While activists in the U.S. seek to eliminate any restrictions to so-called “gender-affirming” interventions for minors, a number of European countries are adding safeguards around or backing off altogether from these controversial procedures. Following European neighbors Finland, Sweden, and the United Kingdom, the Norwegian Healthcare Investigation Board announced that it will revise its recommended standards of care for minors struggling with gender dysphoria. The proposed revisions would no longer allow the use of puberty blockers, cross-sex hormones, and transition surgery for minors.

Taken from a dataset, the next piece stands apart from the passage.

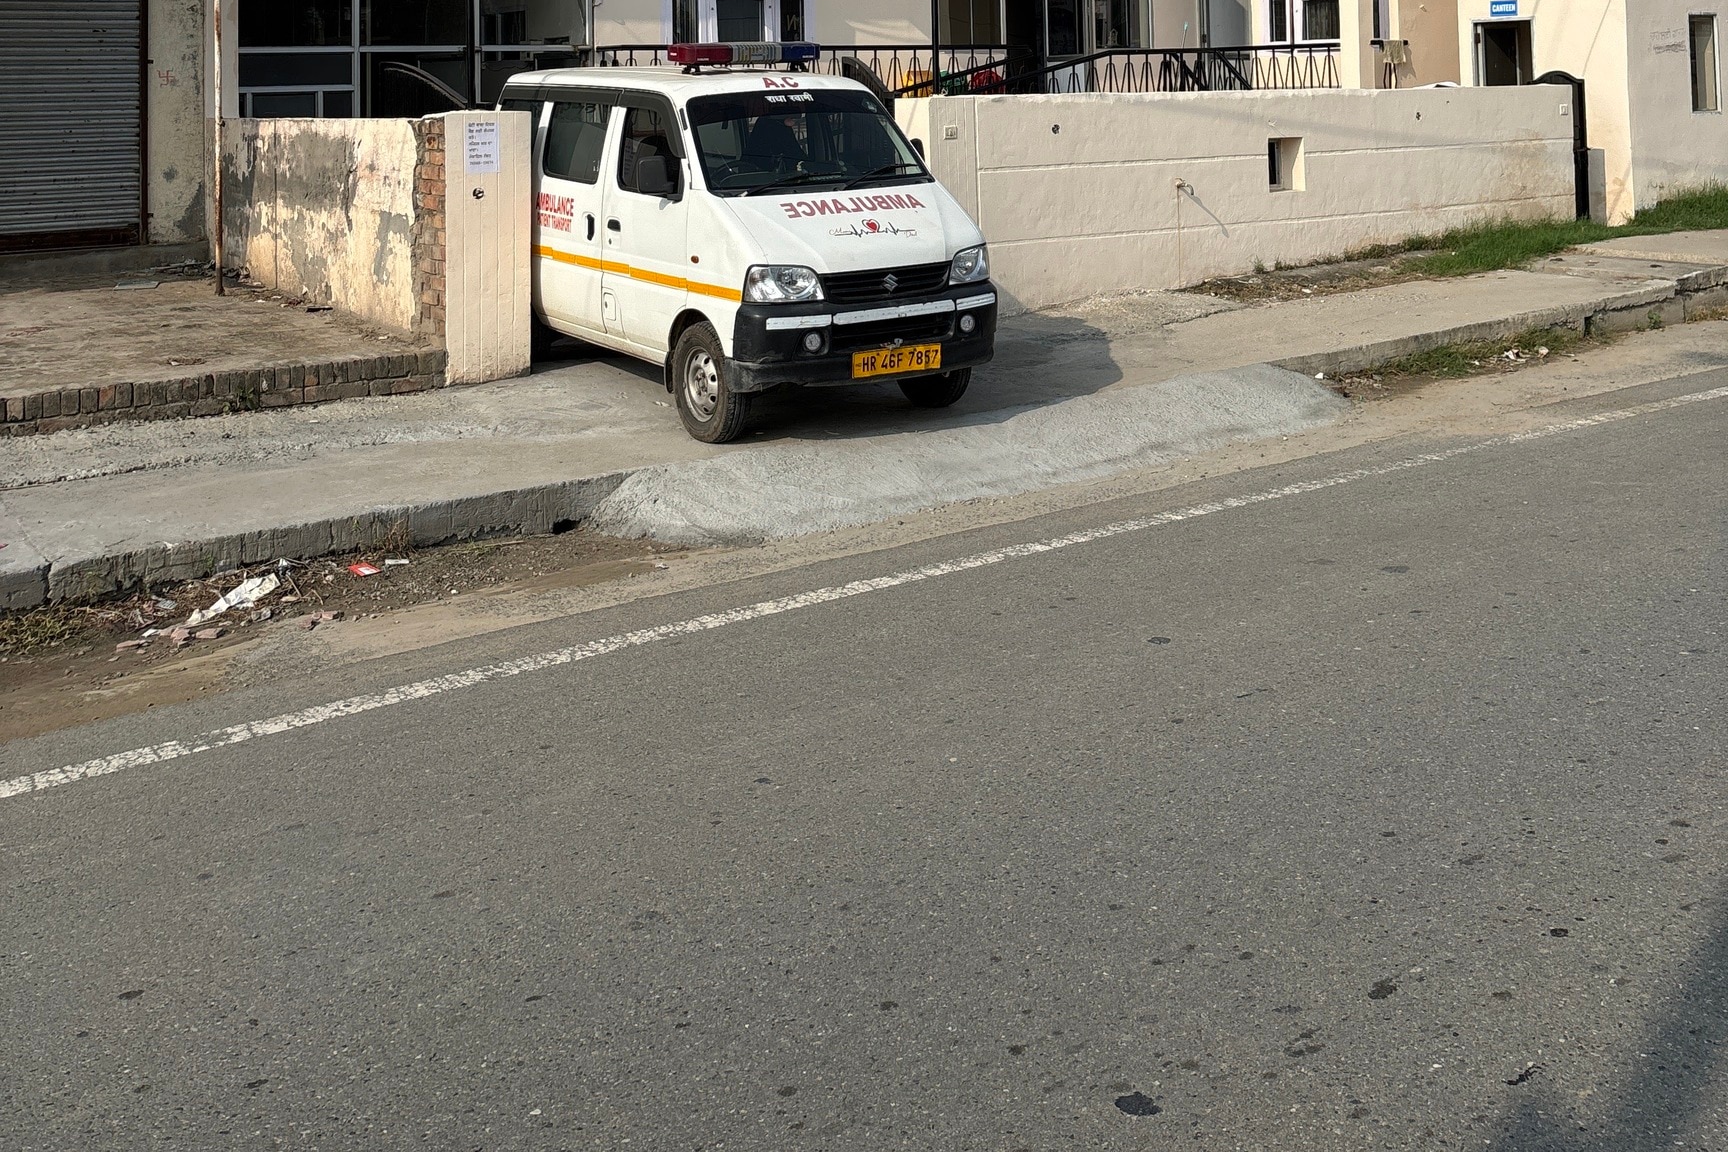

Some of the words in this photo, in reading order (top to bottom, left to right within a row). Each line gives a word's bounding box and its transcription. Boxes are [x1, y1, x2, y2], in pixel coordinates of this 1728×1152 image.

As NHIB rightfully points out, the science surrounding “gender-affirming care” is far from settled. In fact, the use of puberty blockers, cross-sex hormones, or transition surgeries to treat gender dysphoria lacks adequate research. There is hardly any substantial research on the long-term effects of these treatments on minors, and what we do know about them is disregarded by ideologically driven proponents. Puberty blockers, for example, have been known to plague patients with loss of bone density. Cross-sex hormones lead to sterilization. Transition surgeries are rife with serious complications. In the name of a dubious ideology, we’re experimenting on children.
Additionally, most of the long-term studies that proponents cite to support current “gendering-affirming” protocols are poorly designed. As the report summarized: “As a rule, there is no control group in the studies.” This means that any effects are “often assessed at group level and not at individual level, so that unwanted effects for some patients can be masked by improvement in the rest of the group.”